> LISTED RECORDS
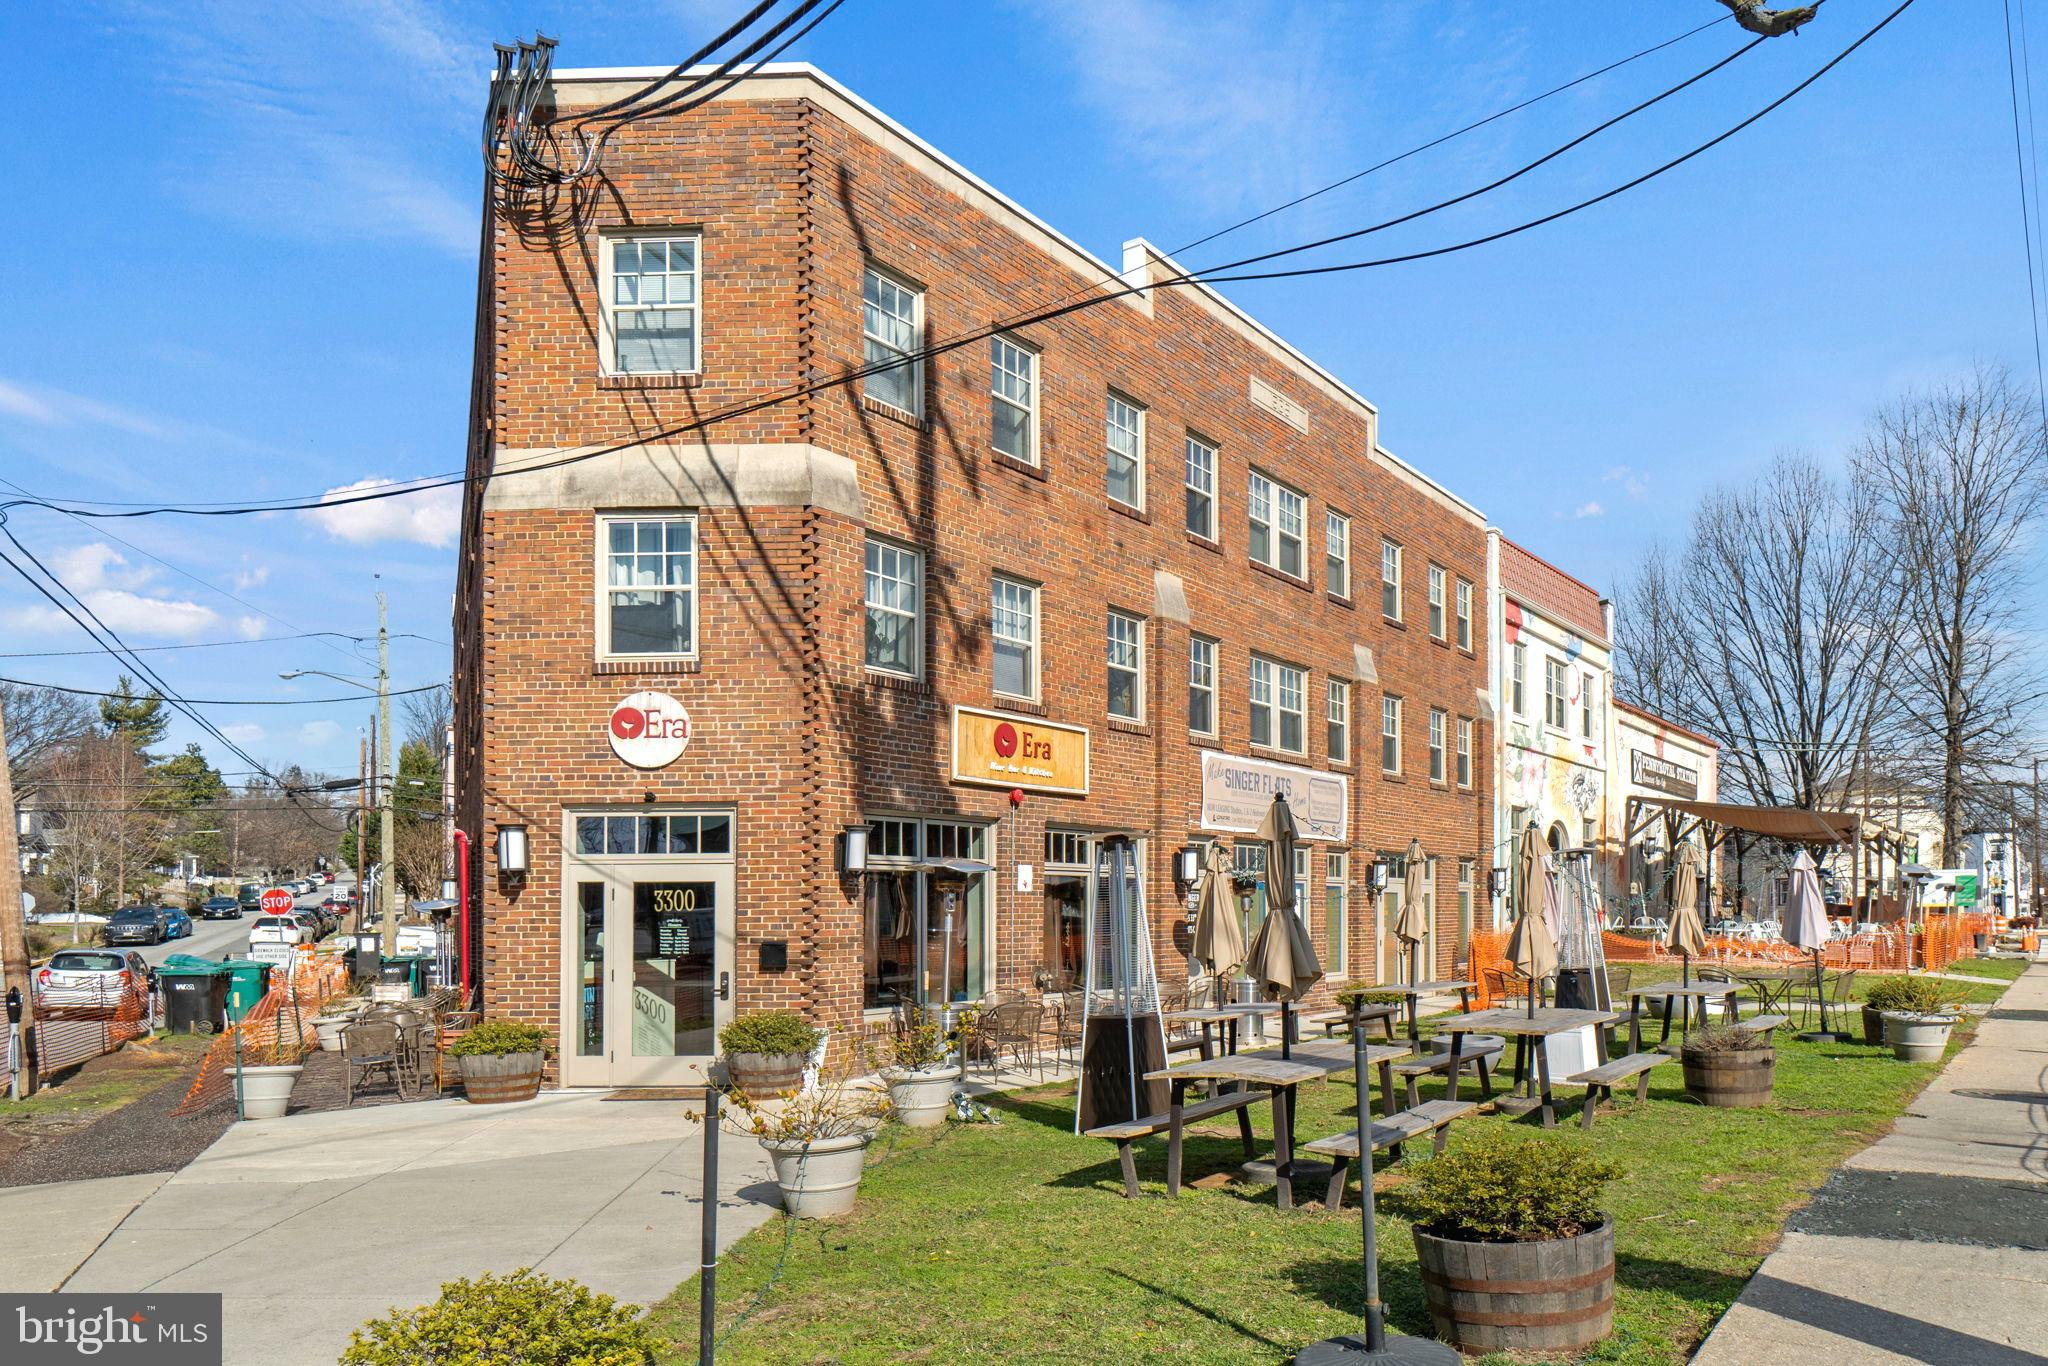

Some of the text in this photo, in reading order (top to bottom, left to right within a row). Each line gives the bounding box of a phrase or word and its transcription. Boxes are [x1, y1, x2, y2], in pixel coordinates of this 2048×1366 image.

[644, 709, 688, 739] Era
[1022, 731, 1051, 760] Era
[1225, 768, 1260, 792] SINGER
[1262, 774, 1292, 797] FLATS
[263, 896, 291, 908] STOP
[654, 889, 695, 912] 3300
[634, 989, 666, 1024] 3300
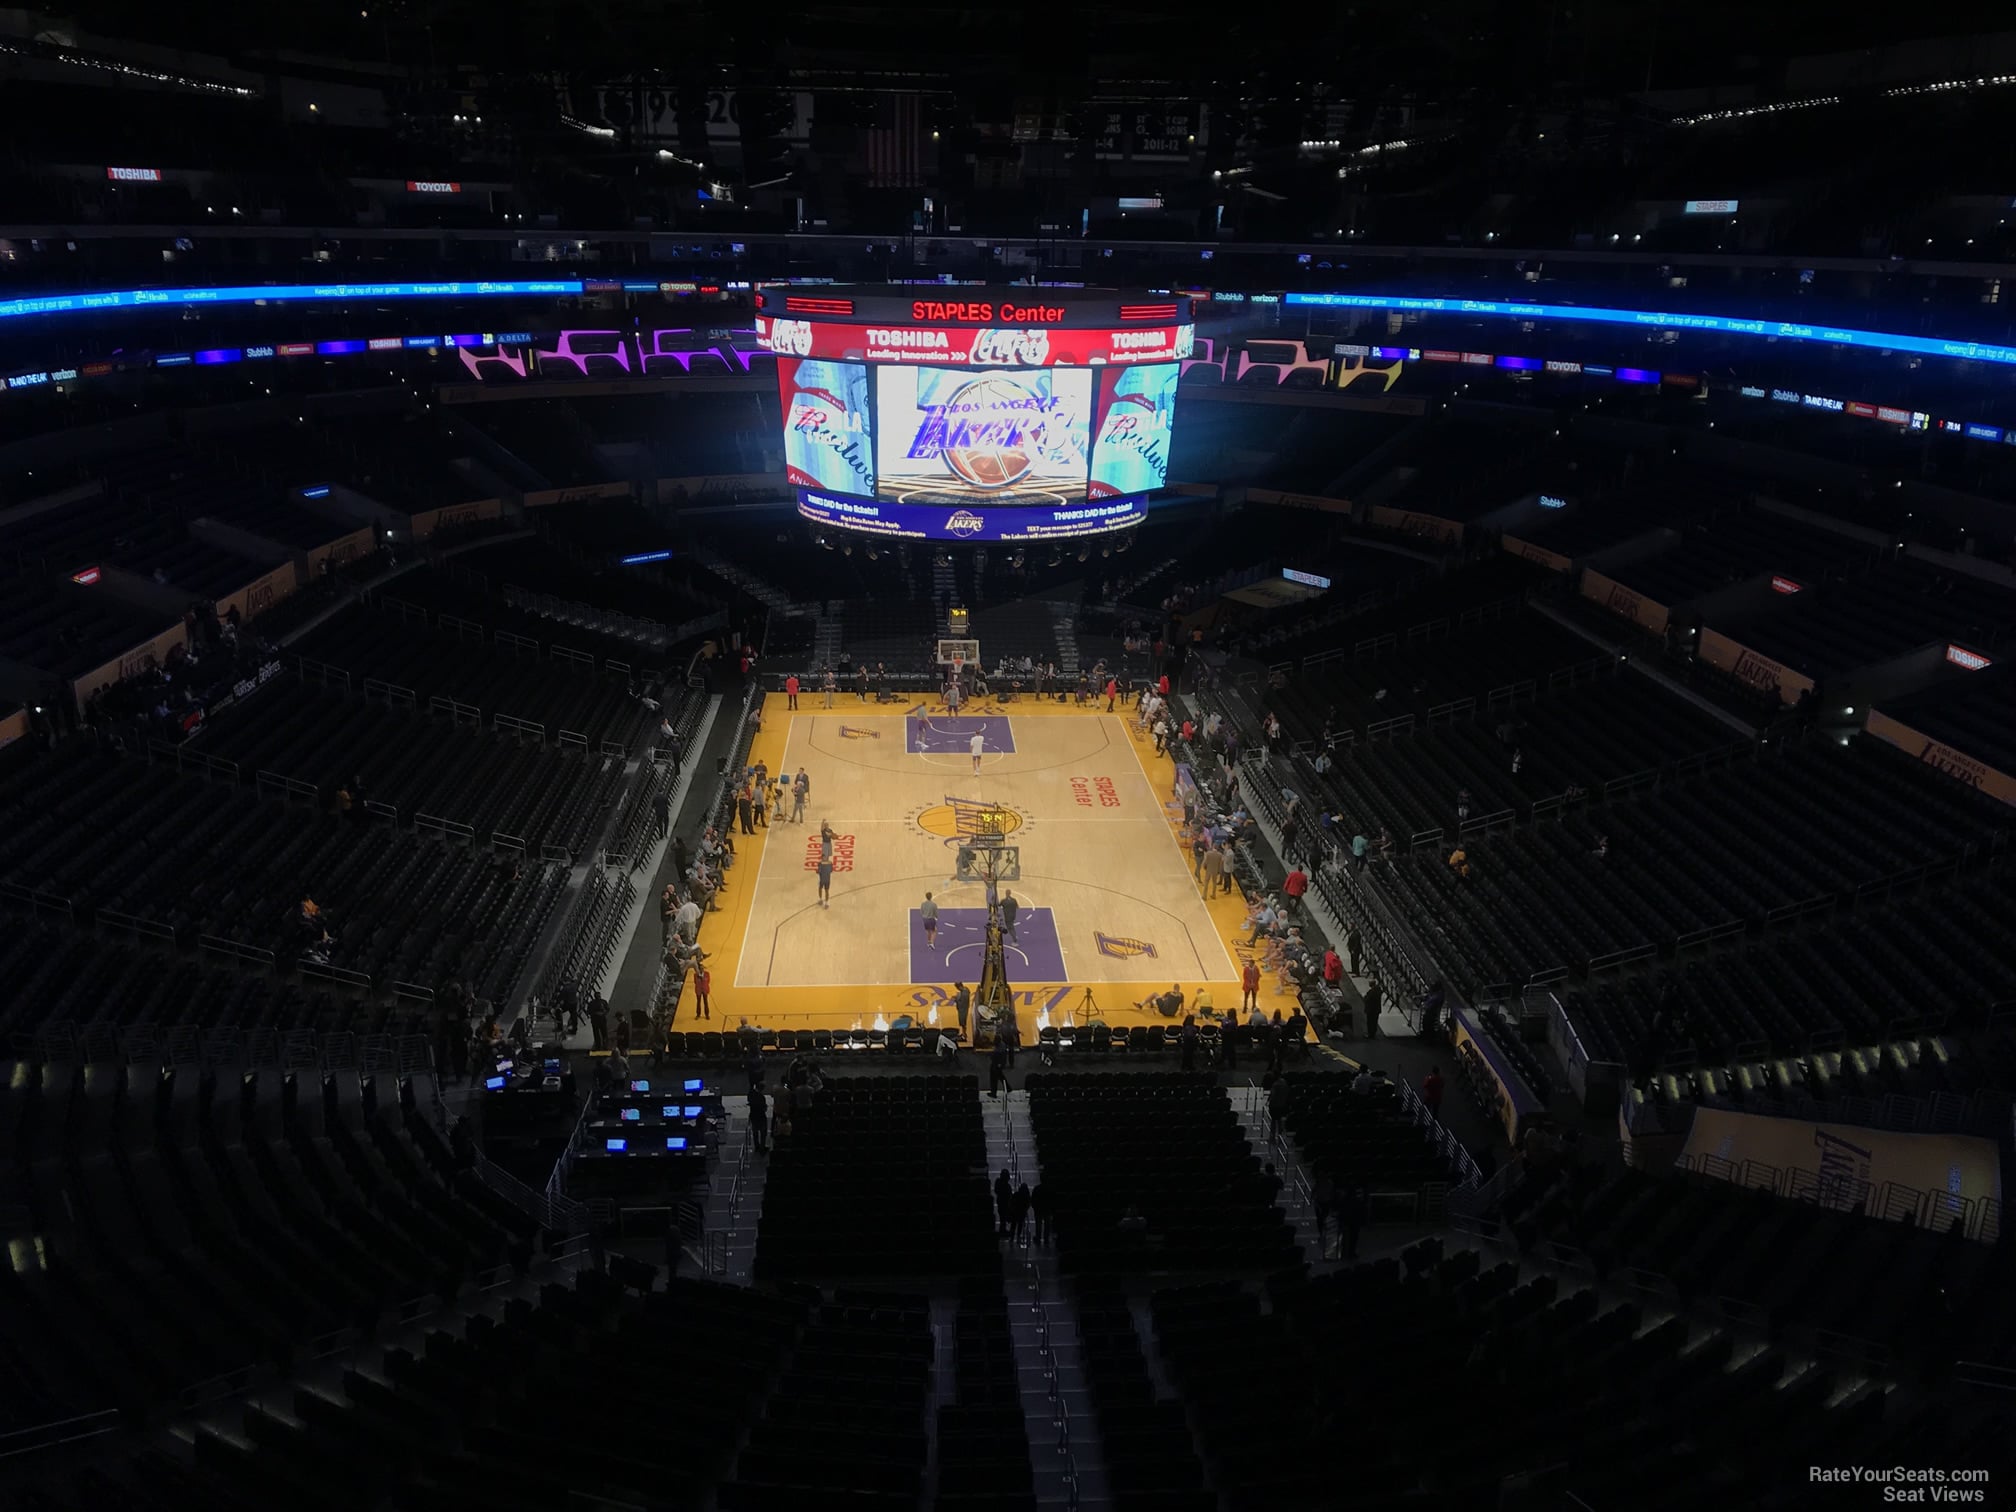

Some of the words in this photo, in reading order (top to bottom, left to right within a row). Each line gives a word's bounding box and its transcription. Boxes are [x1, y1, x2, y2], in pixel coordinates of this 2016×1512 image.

[112, 168, 157, 180] TOSHIBA
[415, 182, 452, 192] TOYOTA
[1696, 201, 1729, 212] STAPLES
[1215, 292, 1244, 302] StubHub
[1251, 294, 1278, 303] verizon
[912, 301, 992, 321] STAPLES
[1000, 303, 1065, 322] Center
[369, 339, 402, 349] TOSHIBA
[506, 334, 531, 342] DELTA
[867, 330, 949, 348] TOSHIBA
[1112, 331, 1166, 348] TOSHIBA
[247, 348, 273, 358] StubHub
[867, 349, 900, 360] Leading
[902, 350, 949, 361] Innovation
[1110, 352, 1136, 361] Leading
[1335, 345, 1369, 356] STAPLES
[1547, 361, 1581, 372] TOYOTA
[51, 368, 77, 381] verizon
[1742, 386, 1765, 398] verizon
[1773, 388, 1800, 402] StubHub
[1878, 406, 1909, 421] TOSHIBA
[1054, 511, 1083, 521] THANKS
[1084, 508, 1098, 517] DAD
[944, 516, 984, 532] LAKERS
[1291, 571, 1322, 587] STAPLES
[1920, 741, 1984, 788] LAKERS
[1937, 747, 1952, 758] LOS
[1953, 754, 1986, 776] ANGELES
[1069, 776, 1094, 808] Center
[1093, 776, 1120, 808] STAPLES
[832, 834, 855, 873] STAPLES
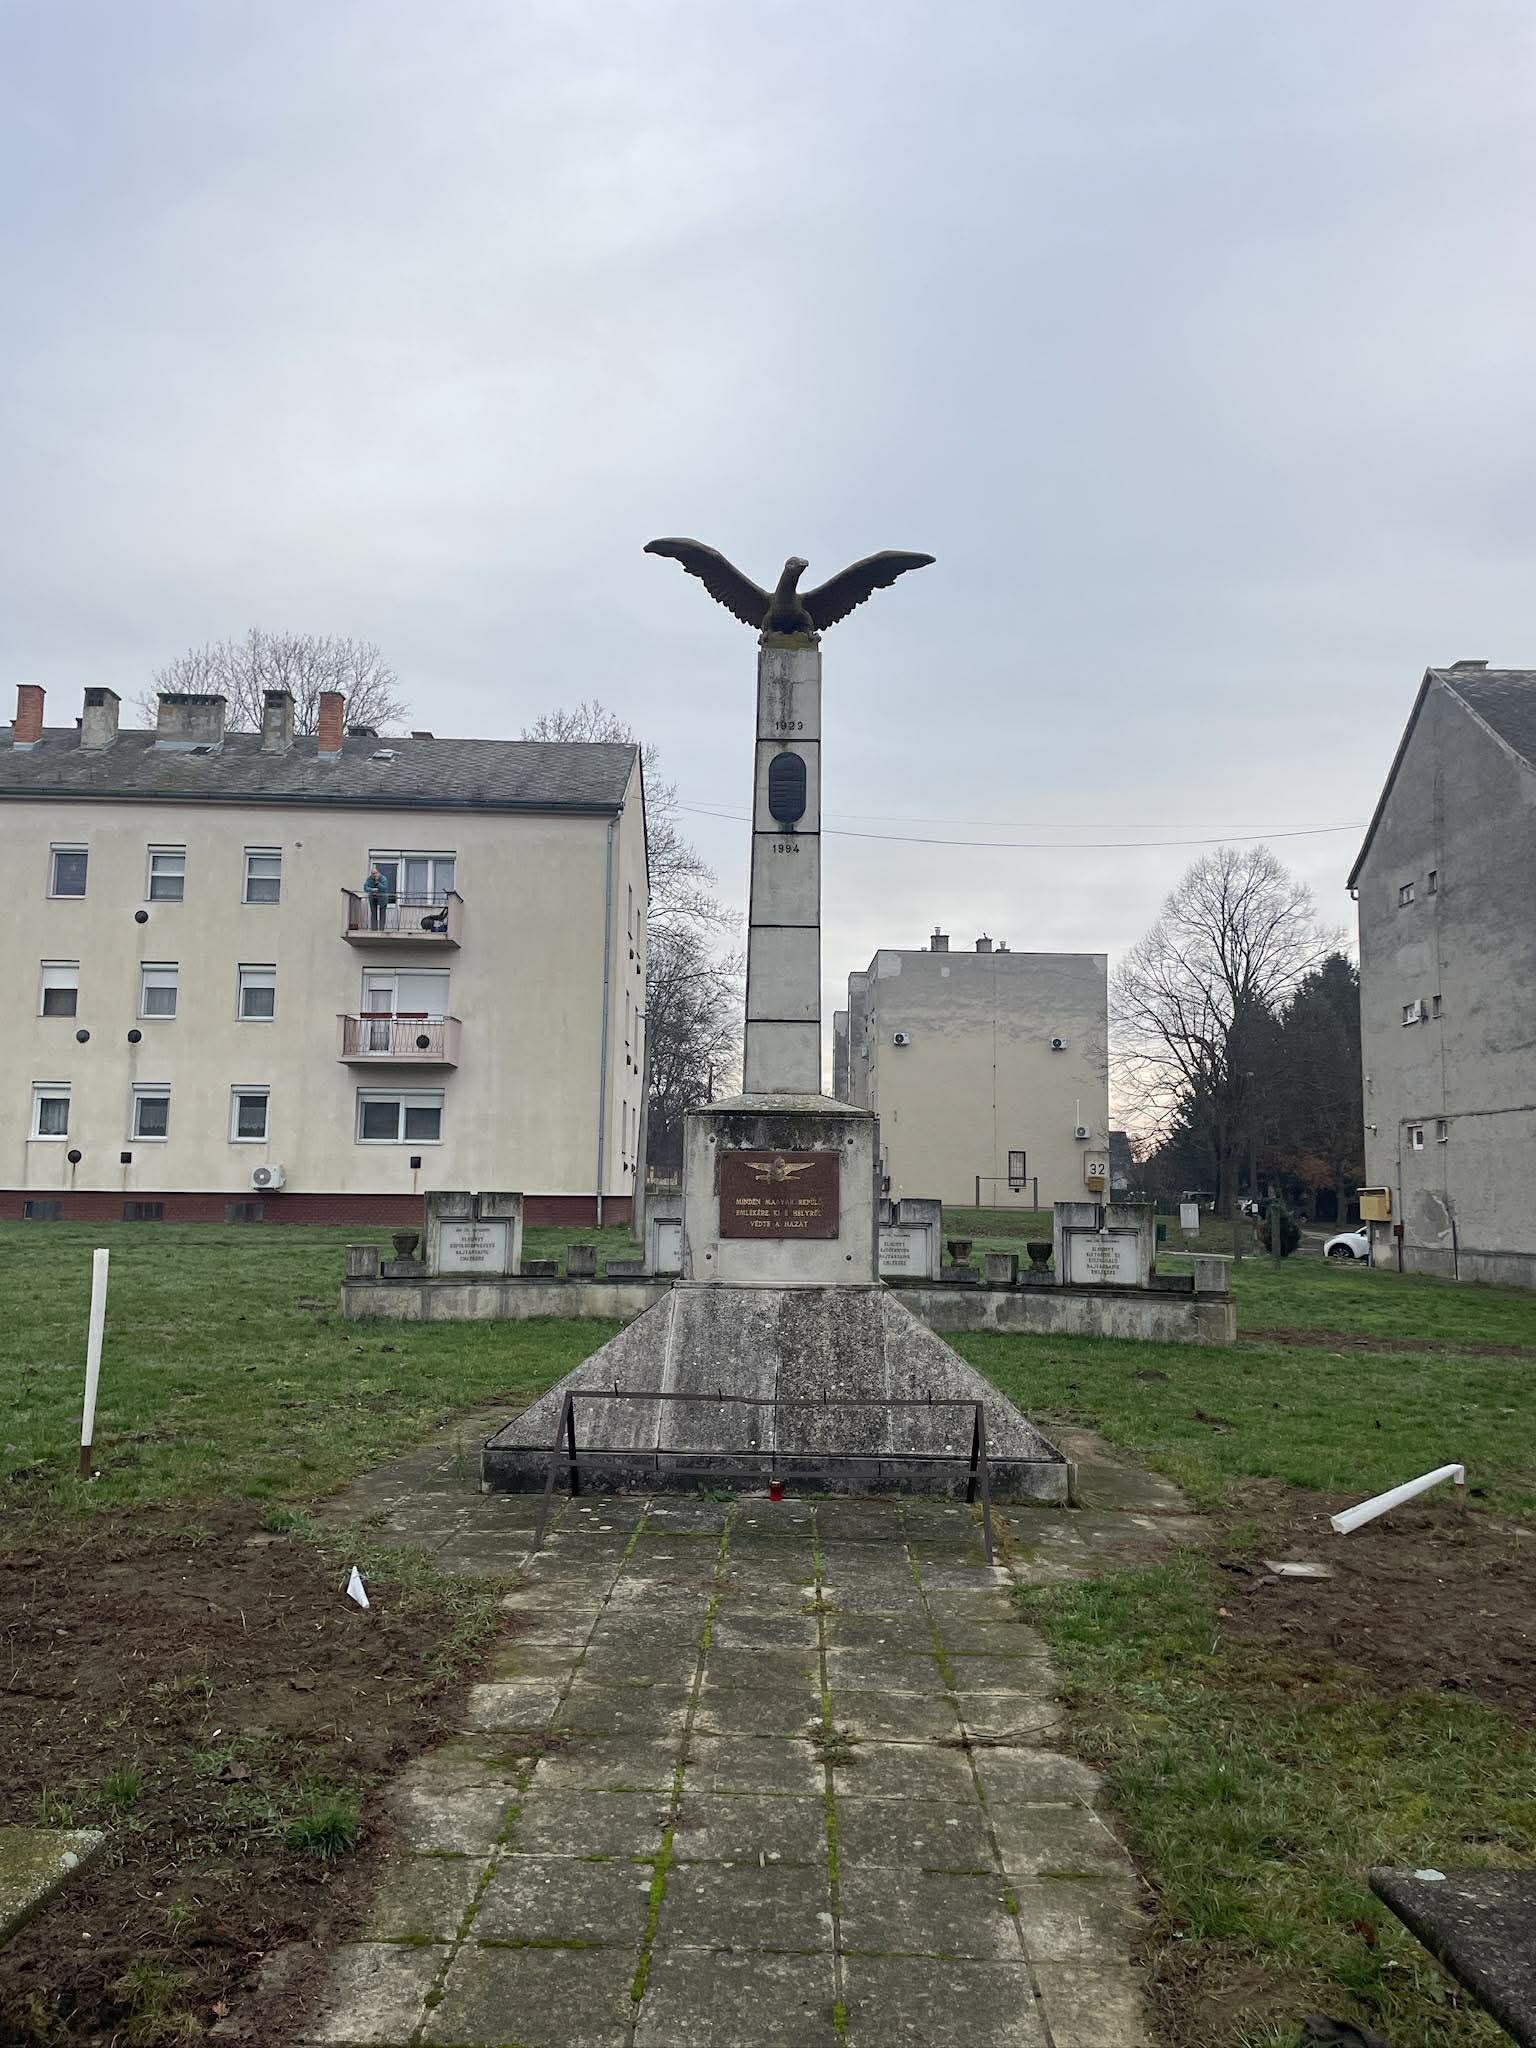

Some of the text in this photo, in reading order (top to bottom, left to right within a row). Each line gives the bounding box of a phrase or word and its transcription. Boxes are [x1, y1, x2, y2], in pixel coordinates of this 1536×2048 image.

> TASK ITEM
Could you print all of the entries exactly, skipping the images?

> RESPONSE AREA
Some of the text in this photo, in reading order (top to bottom, left to right within a row). Each line gives the bounding box of a phrase or word and its transcription. Boxes are [x1, y1, x2, y2], in pixel coordinates of this 2048×1366 image.

[644, 709, 688, 739] Era
[1022, 731, 1051, 760] Era
[1225, 768, 1260, 792] SINGER
[1262, 774, 1292, 797] FLATS
[263, 896, 291, 908] STOP
[654, 889, 695, 912] 3300
[634, 989, 666, 1024] 3300

Some of the words in this photo, in reading order (top to bottom, left to right within a row). Each line gives a word's bounding box and its transcription. Boxes are [x1, y1, x2, y2], in pixel coordinates of this 2016×1512 image.

[112, 168, 157, 180] TOSHIBA
[415, 182, 452, 192] TOYOTA
[1696, 201, 1729, 212] STAPLES
[1215, 292, 1244, 302] StubHub
[1251, 294, 1278, 303] verizon
[912, 301, 992, 321] STAPLES
[1000, 303, 1065, 322] Center
[369, 339, 402, 349] TOSHIBA
[506, 334, 531, 342] DELTA
[867, 330, 949, 348] TOSHIBA
[1112, 331, 1166, 348] TOSHIBA
[247, 348, 273, 358] StubHub
[867, 349, 900, 360] Leading
[902, 350, 949, 361] Innovation
[1110, 352, 1136, 361] Leading
[1335, 345, 1369, 356] STAPLES
[1547, 361, 1581, 372] TOYOTA
[51, 368, 77, 381] verizon
[1742, 386, 1765, 398] verizon
[1773, 388, 1800, 402] StubHub
[1878, 406, 1909, 421] TOSHIBA
[1054, 511, 1083, 521] THANKS
[1084, 508, 1098, 517] DAD
[944, 516, 984, 532] LAKERS
[1291, 571, 1322, 587] STAPLES
[1920, 741, 1984, 788] LAKERS
[1937, 747, 1952, 758] LOS
[1953, 754, 1986, 776] ANGELES
[1069, 776, 1094, 808] Center
[1093, 776, 1120, 808] STAPLES
[832, 834, 855, 873] STAPLES

Some of the text in this photo, in reading order (top to bottom, left to right within a row). Each line gives the bounding box of a phrase or word and its transcription. Boxes are [x1, y1, x2, y2], in pixel coordinates of this 1536×2048 image.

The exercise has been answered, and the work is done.